Task goal -
Output the records below verbatim, minus the pictures.

Available records -
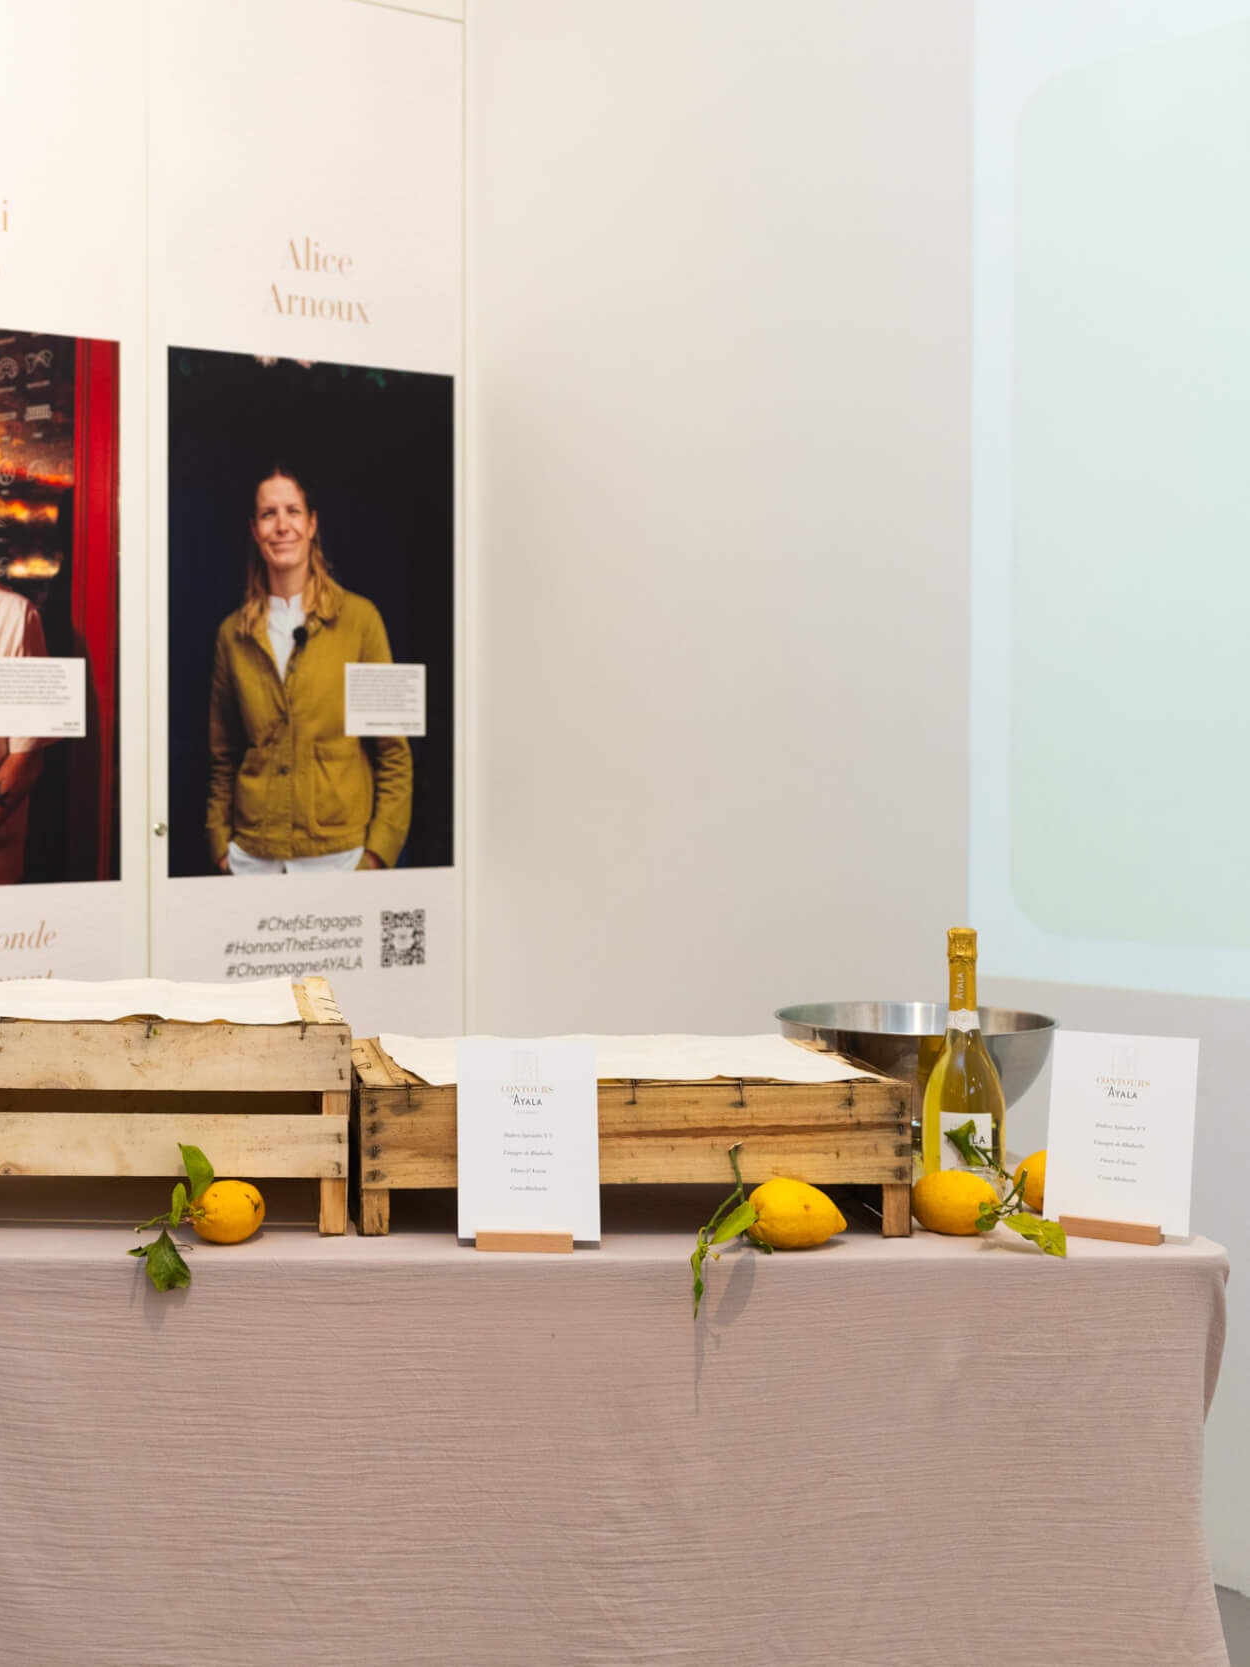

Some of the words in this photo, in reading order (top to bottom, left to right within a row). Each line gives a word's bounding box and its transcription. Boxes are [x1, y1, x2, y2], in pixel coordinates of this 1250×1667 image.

[279, 236, 354, 277] Alice
[262, 281, 371, 325] Arnoux
[257, 914, 363, 933] #ChefsEngages
[226, 955, 363, 978] #ChampagneAYALA
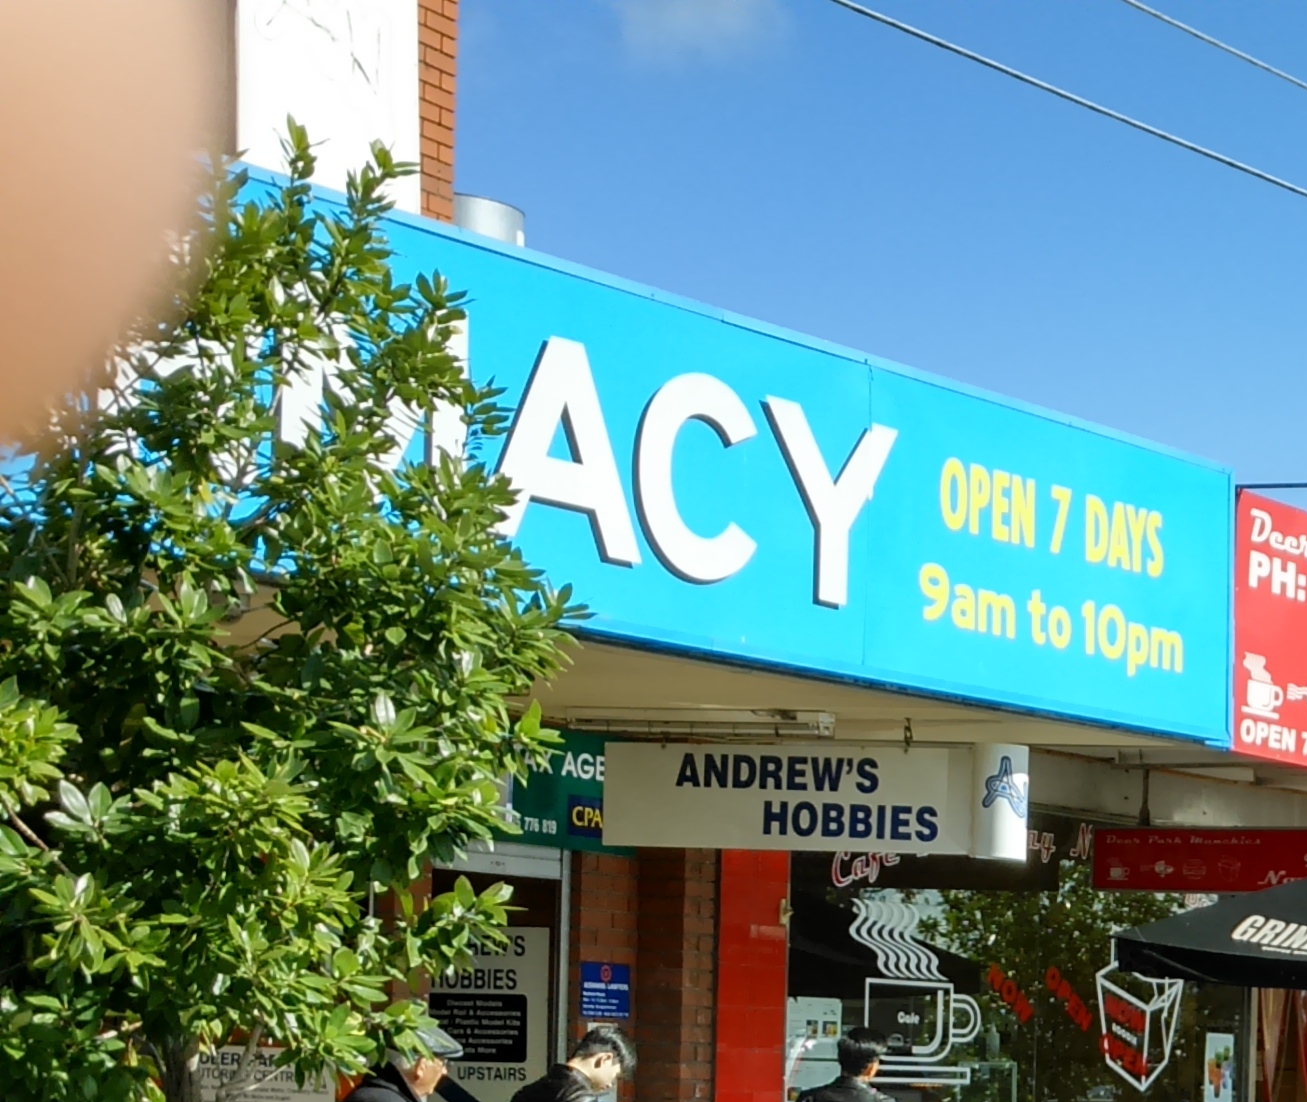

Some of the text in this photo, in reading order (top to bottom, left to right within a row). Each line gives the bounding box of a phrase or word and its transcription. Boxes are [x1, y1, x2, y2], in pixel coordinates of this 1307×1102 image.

Exercise answer -
Some of the words in this photo, in reading order (top to bottom, left to right within a row). Each line gives a word's bounding box and its transcription. Boxes are [x1, y1, x2, y2], in pixel coordinates of this 1250×1667 image.

[279, 236, 354, 277] Alice
[262, 281, 371, 325] Arnoux
[257, 914, 363, 933] #ChefsEngages
[226, 955, 363, 978] #ChampagneAYALA

Some of the text in this photo, in reading order (top to bottom, left to right within a row). Each line gives the bounding box of a phrase or word and its transcription. Boxes are [x1, y1, x2, y2], in pixel coordinates of this 1307×1102 image.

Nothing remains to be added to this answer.